Beastly Beauty 12+
About this book
What makes a girl "beastly?" Is it having too much ambition? Being too proud? Taking up too much space? Or is it just wanting something, anything, too badly?
That's the problem Arabella faces when she makes her debut in society. Her parents want her to be sweet and compliant so she can marry well, but try as she might, Arabella can't extinguish the fire burning inside her -- the source of her deepest wishes, her wildest dreams.
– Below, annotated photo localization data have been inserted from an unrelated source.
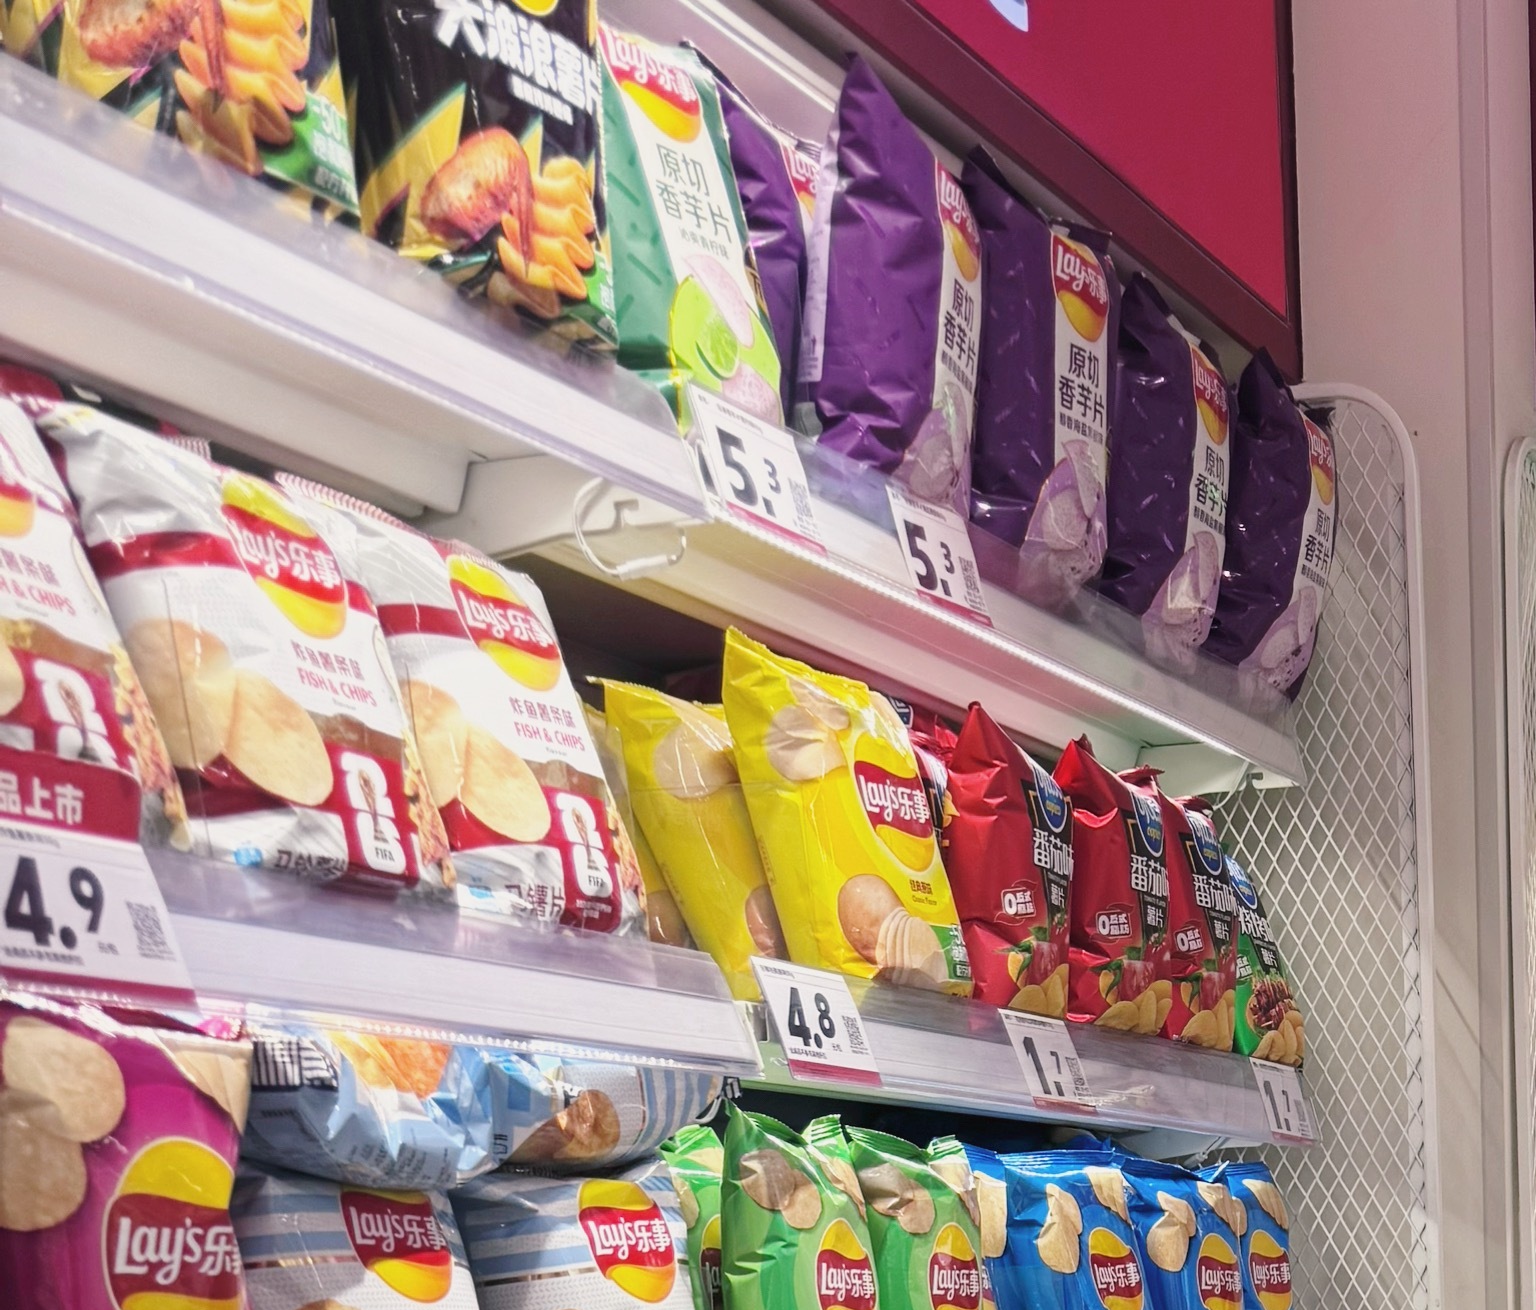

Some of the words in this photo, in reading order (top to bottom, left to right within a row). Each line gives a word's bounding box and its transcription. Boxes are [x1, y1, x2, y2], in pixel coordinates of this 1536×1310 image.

[718, 424, 783, 516] 5.3
[906, 520, 956, 597] 5.3
[513, 720, 543, 740] FISH
[556, 731, 587, 754] CHIPS
[4, 855, 105, 955] 4.9
[787, 986, 836, 1051] 4.8
[1022, 1036, 1064, 1097] 1.7
When an attempt to suppress her emotions tragically backfires, a mysterious figure punishes Arabella with a curse, dooming her and everyone she cares about, trapping them in the castle. As the years pass, Arabella abandons hope. The curse is her fault -- after all, there's nothing more "beastly" than a girl who expresses her anger -- and the only way to break it is to find a boy who loves her for her true self: a cruel task for a girl who's been told she's impossible to love.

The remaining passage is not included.